Well, like they say, it’s easy to be wise after the event. I’m not so sure. These days, it’s easier to be even more stupid after the event. “Apparently he tried to contact al Qaeda,” mused MSNBC’s Chris Matthews. “That’s not a crime to call up al Qaeda, is it? Is it? I mean, where do you stop the guy?” Interesting question: Where do you draw the line?

The truth is we’re not prepared to draw a line even after he’s gone ahead and committed mass murder. “What happened at Fort Hood was a tragedy,” said General Casey, the US Army’s Chief of Staff, “but I believe it would be an even greater tragedy if our diversity becomes a casualty here.” A “greater tragedy” than 14 dead and dozens of wounded? Translating from the original brain-addled multicult-speak, the Army Chief of Staff is saying that the same fatuous prostration before marshmallow illusions that led to the “tragedy” must remain in place. If it leads to occasional mass murder, well, hopefully it can be held to what cynical British civil servants used to call, during the Northern Irish “Troubles”, “an acceptable level of violence”. Fourteen dead is evidently acceptable. A hundred and forty? Fourteen hundred? I guess we’ll find out.

“Diversity” is one of those words designed to absolve you of the need to think. Likewise, a belief in “multiculturalism” doesn’t require you to know anything at all about other cultures, just to feel generally warm and fluffy about them.

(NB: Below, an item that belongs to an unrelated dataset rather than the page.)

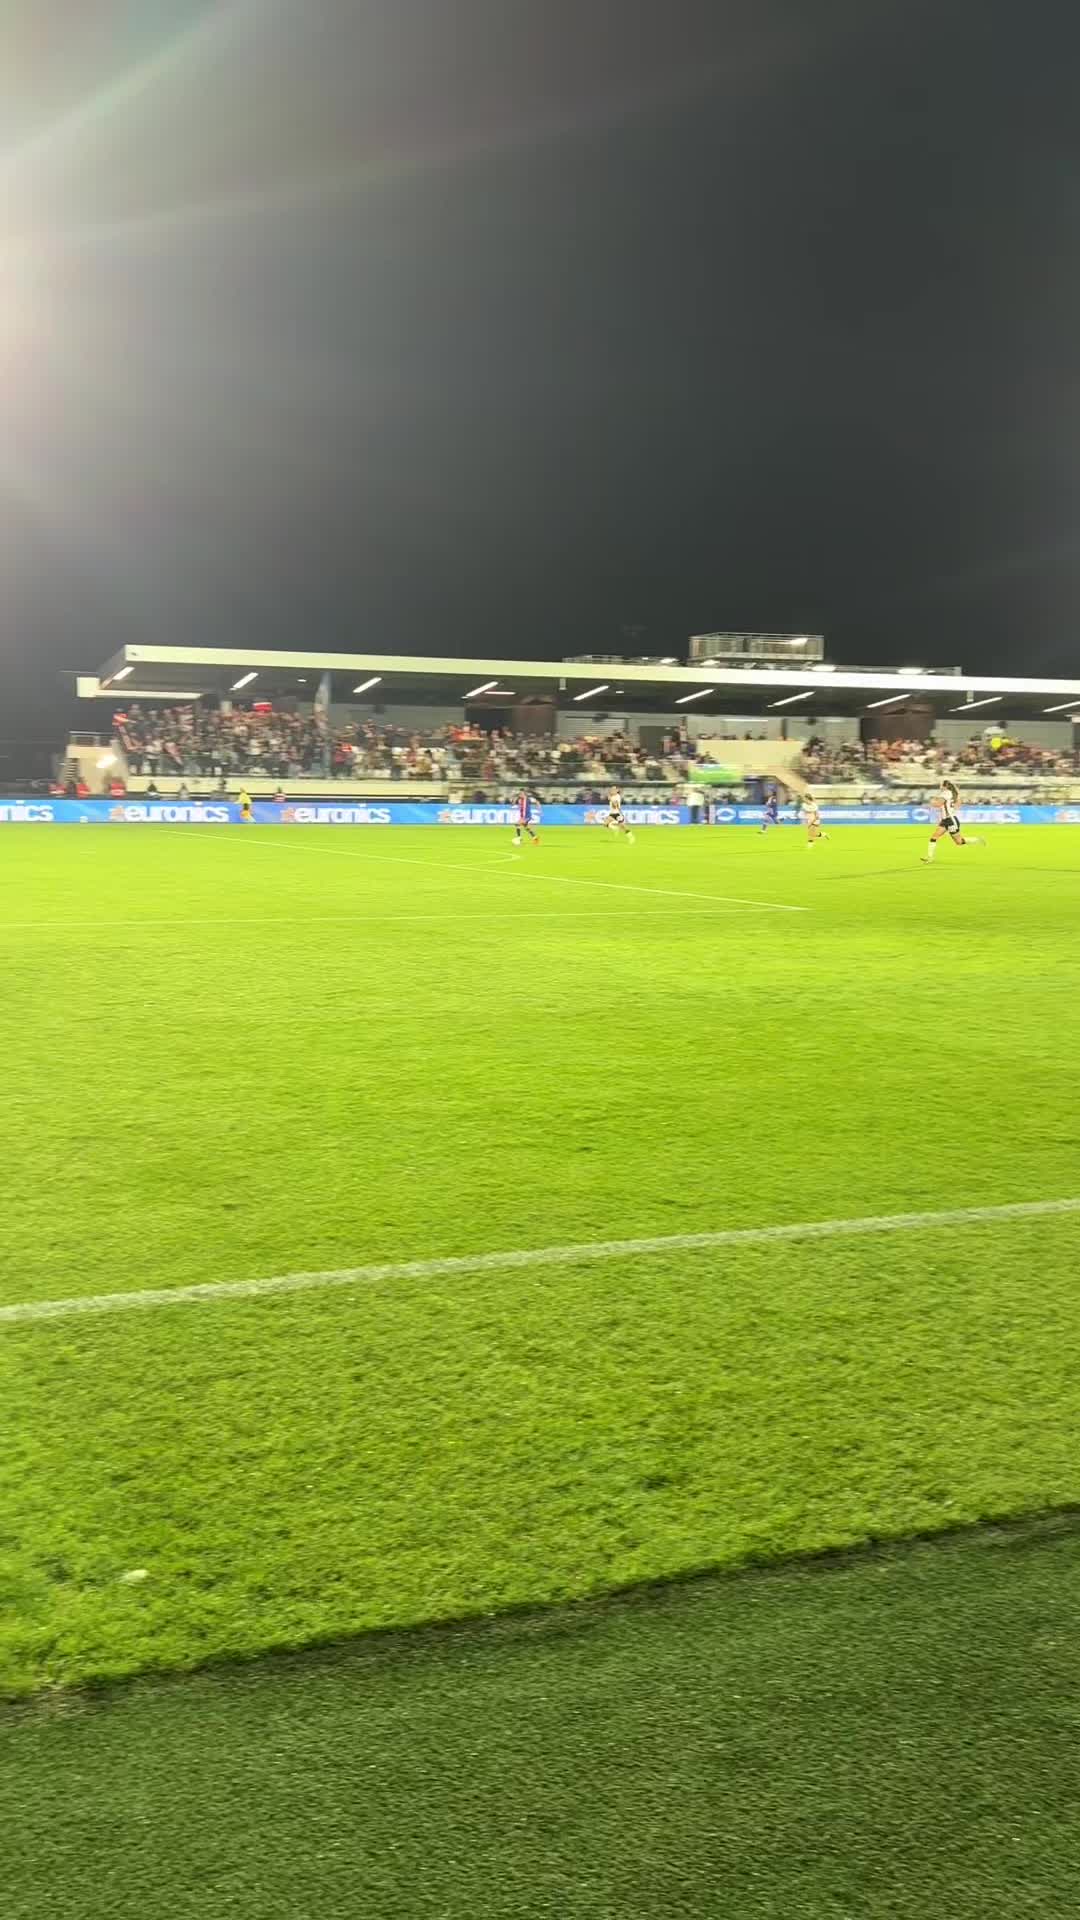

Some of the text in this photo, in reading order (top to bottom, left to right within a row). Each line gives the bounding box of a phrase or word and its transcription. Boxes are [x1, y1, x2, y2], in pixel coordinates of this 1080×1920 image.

[124, 801, 229, 822] euronics
[294, 803, 391, 823] euronics
[449, 804, 541, 824] euronis

The brain-addled “diversity” of General Casey will get some of us killed, and keep all of us cowed. In the days since the killings, the news reports have seemed increasingly like a satirical novel the author’s not quite deft enough to pull off, with bizarre new Catch 22s multiplying like the windmills of your mind: If you’re openly in favor of pouring boiling oil down the throats of infidels, then the Pentagon will put down your emails to foreign jihadists as mere confirmation of your long established “research interests”. If you’re psychotic, the Army will make you a psychiatrist for fear of provoking you. If you gun down a bunch of people, within an hour the FBI will state clearly that we can all relax, there’s no terrorism angle, because, in our over-credentialized society, it doesn’t count unless you’re found to be carrying Permit #57982BQ3a from the relevant State Board of Jihadist Licensing.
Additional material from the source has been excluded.